Elrond poteva sentire benissimo i pensieri dell’altro elfo, ma non poteva dire nulla per tranquillizzarlo: qualunque parola sarebbe stata una menzogna. Lo sapevano entrambi. Quindi si limitò a stringerlo tra le braccia e farsi scorrere i suoi capelli tra le dita per un attimo, prima di alzarsi per vestirsi.

Glorfindel osservo Elrond che indossava, sopra i pantaloni, un’elegante tunica beige siderale, degli stivali dello stesso colore e raccoglieva alcune ciocche di capelli dietro la nuca.

Il signore di Gran Burrone si voltò per salutare l’altro elfo, ma quando vide l’espressione nei suoi occhi, si sedette sulla sponda del letto e disse: “Dimmi...”.

“Tornerai...?” fu solo un mormorio debolissimo.

“Si,” rispose Elrond “sempre,” e si chinò a baciarlo prima di uscire.

Glorfindel restò a lungo a fissare la porta chiusa, dopo che lui se n’era andato, maledicendo la sua codardia: non trovava mai il coraggio di fargli quella semplice domanda.

Alla fine si abbandonò al sonno per trovare un po’ di tregua dalla sua infelicità.

 

Quando Aragorn sentì la porta della stanza di Elrond prima aprirsi e poi chiudersi, si voltò verso l’elfo, ma non trovò il coraggio di guardarlo negli occhi: si vergognava della propria intrusione nella sua vita privata, ma c’era anche qualcos’altro che non riusciva a focalizzare.

“Aragorn!”.

L’uomo sentendosi chiamare in modo così secco, alzò la testa di riflesso e si trovò a fissare gli occhi di Elrond, che gli disse:

“Avanti, parla!”.

“Ecco... io... mi spiace... cioè, non ne sapevo nulla, se no, non sarei entrato in quel modo...”.

Elrond sorrise dell’evidente imbarazzo dell’uomo: certo che non sapeva nulla, lui e Glorfindel non avevano l’abitudine di baciarsi in ogni angolo della casa come facevano Aragorn e Legolas!

“Va tutto bene Aragorn, non preoccuparti.”.

“No, è che io non avevo mai pensato che voi... poteste avere una vostra vita... all’infuri dei vostri impegni...”.
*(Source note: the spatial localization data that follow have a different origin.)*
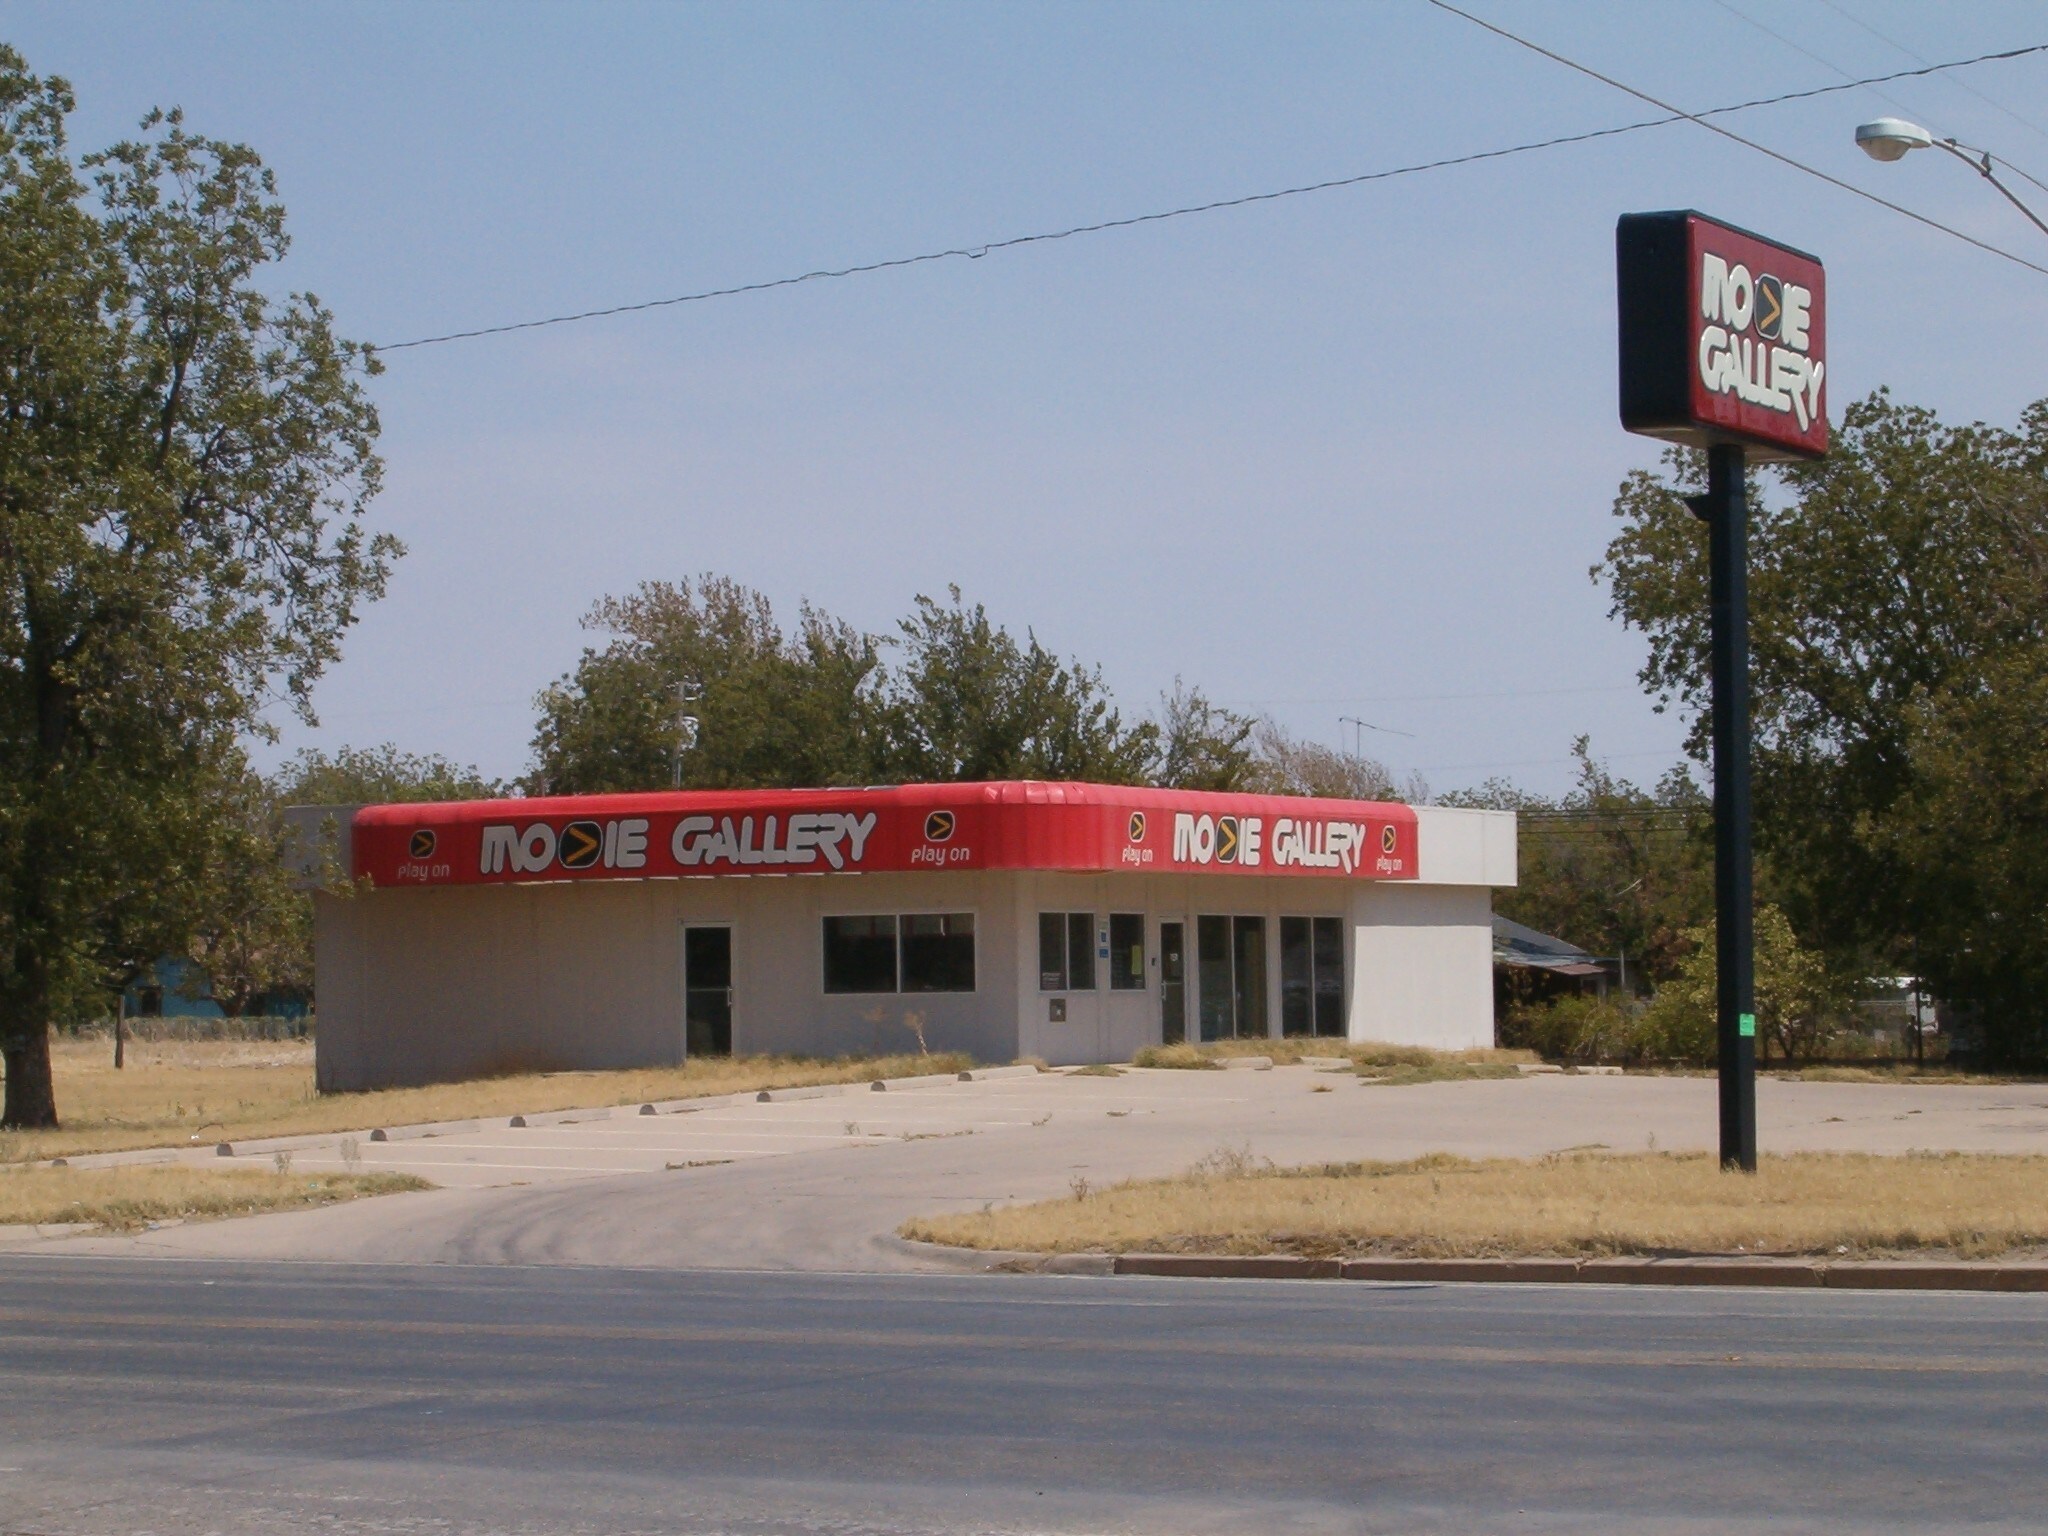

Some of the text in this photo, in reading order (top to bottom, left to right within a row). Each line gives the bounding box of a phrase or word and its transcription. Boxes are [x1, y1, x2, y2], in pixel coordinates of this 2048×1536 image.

[1700, 325, 1825, 432] GALLERY
[671, 812, 877, 869] GALLERY
[911, 844, 970, 866] play on
[1122, 844, 1153, 867] play on
[1271, 818, 1367, 874] GALLERY
[397, 862, 450, 881] play on
Aragorn si vergognava di quello che aveva appena detto, ma era la verità, e il sorriso che Elrond gli rivolse gli fece capire che non era offeso, forse addirittura divertito.
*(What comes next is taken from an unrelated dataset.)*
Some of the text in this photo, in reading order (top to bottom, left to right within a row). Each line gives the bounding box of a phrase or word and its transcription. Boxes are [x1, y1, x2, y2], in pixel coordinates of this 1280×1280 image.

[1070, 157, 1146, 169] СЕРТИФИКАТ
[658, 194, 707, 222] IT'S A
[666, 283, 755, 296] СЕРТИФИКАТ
“Allora Aragorn, perché sei qui?”.

Lui lo sapeva benissimo, ma voleva che fosse l’uomo a dirlo.

“Riportami là! Voglio tornare in quella stanza, ma stavolta solo noi due, non voglio che Legolas sia coinvolto di nuovo!”.

“Lui è già coinvolto. Comunque, come vuoi tu, andiamo!”.
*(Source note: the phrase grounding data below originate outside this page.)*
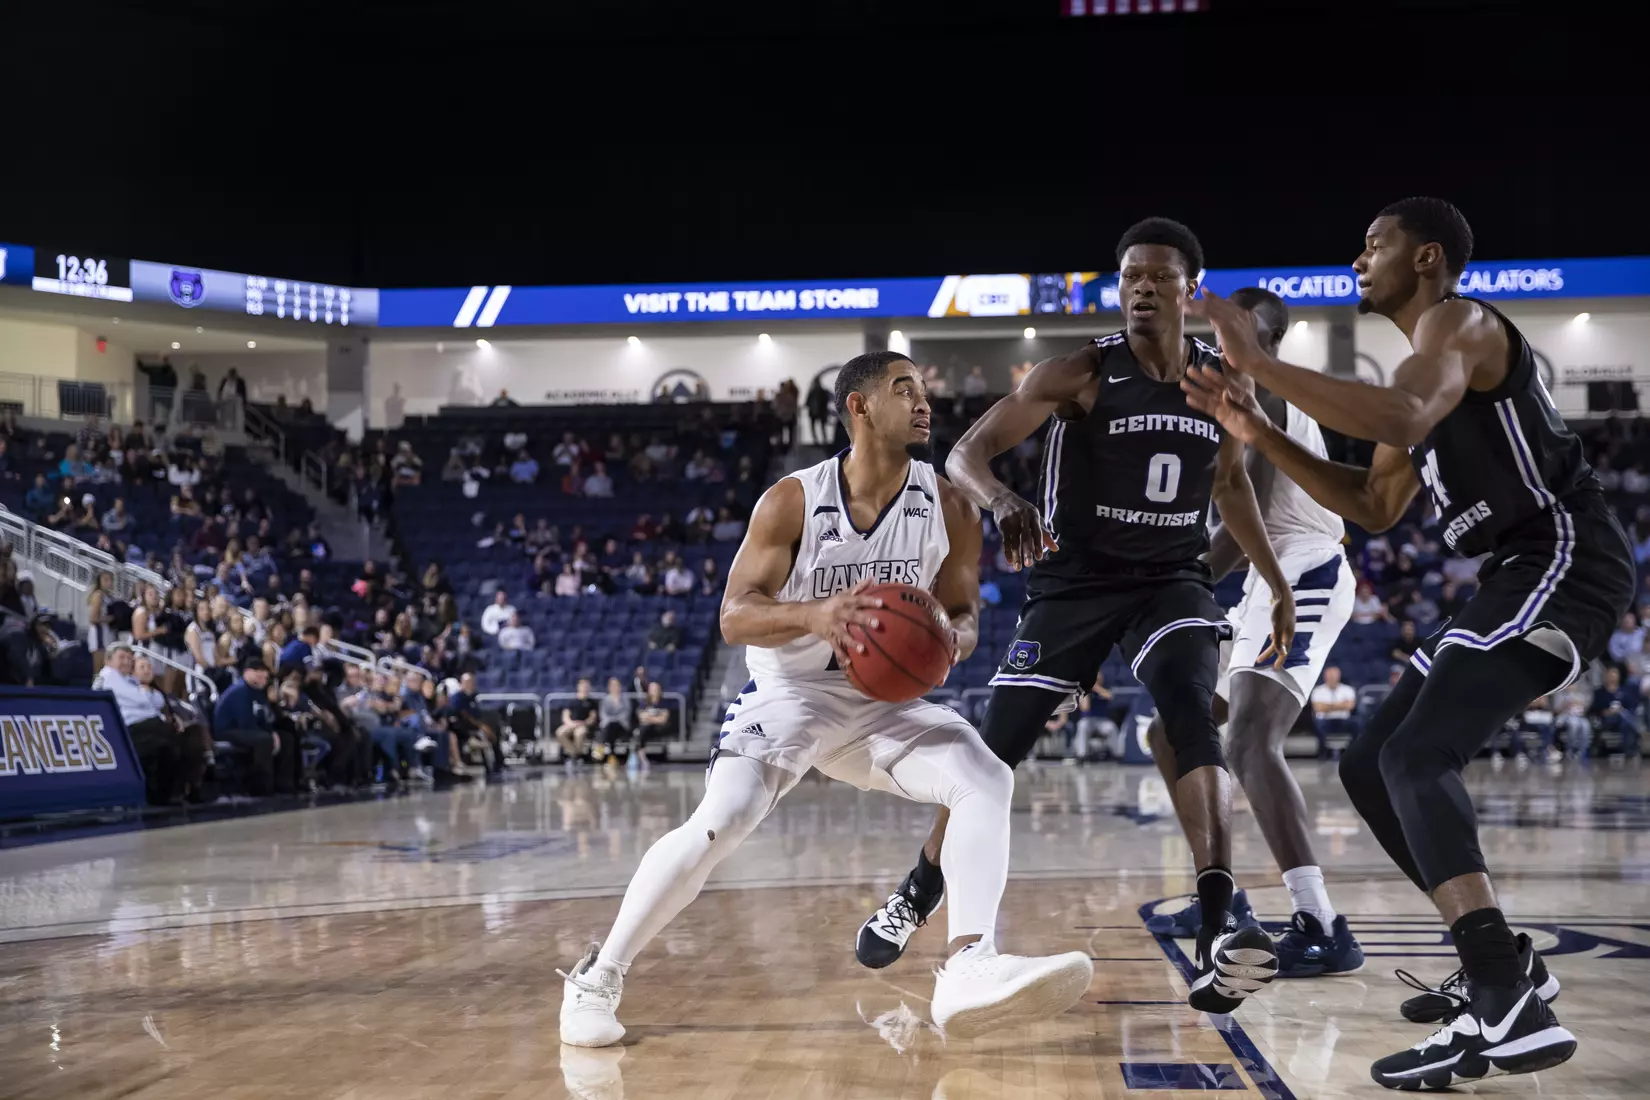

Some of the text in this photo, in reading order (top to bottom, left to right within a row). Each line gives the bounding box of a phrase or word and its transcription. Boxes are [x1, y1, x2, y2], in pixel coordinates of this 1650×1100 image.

[56, 254, 108, 285] 12:36
[624, 288, 880, 313] VISIT THE TEAM STORE!
[1108, 414, 1220, 443] CENTRAL
[1145, 452, 1182, 502] 0
[903, 507, 929, 519] WAC
[1096, 504, 1200, 527] ARKANSAS
[819, 534, 844, 543] adidas
Ed uscirono dagli appartamenti di Elrond, per tornare nella stanza della Palantir.

 

Quando Aragorn si diresse nuovamente verso le stanze di Legolas, le prime luci dell’alba già rischiaravano le cime dei monti.

Entrato nella stanza che divideva con l’elfo lo vide disteso sul letto, ma quando gli fu vicino scoprì che non dormiva, era perfettamente sveglio e stava semplicemente disteso a fissare il soffitto.

“Legolas...” lo chiamò sottovoce, e vide la sua testa spostarsi lentamente verso di lui, ma i suoi occhi erano vuoti.

Quello sguardo trapassò Aragorn procurandogli un dolore che nessuna arma avrebbe mai potuto infliggergli, e improvvisamente ricordò il modo in cui l’aveva trattato prima di fuggire dalla stanza della Palantir il pomeriggio precedente. Avrebbe voluto fuggire, nascondersi dove quello sguardo non potesse raggiungerlo, ma sapeva che quella non era la soluzione, quindi si avvicinò al letto e si sedette lentamente sulla sponda, dalla parte dell’elfo, e tese una mano verso di lui accarezzandogli il volto. L’elfo continuò a restare immobile sotto la mano dell’uomo, ma Aragorn considerò, che d’altra parte non si era neppure ritratto, quindi decise di osare di più e si abbassò a baciargli le labbra.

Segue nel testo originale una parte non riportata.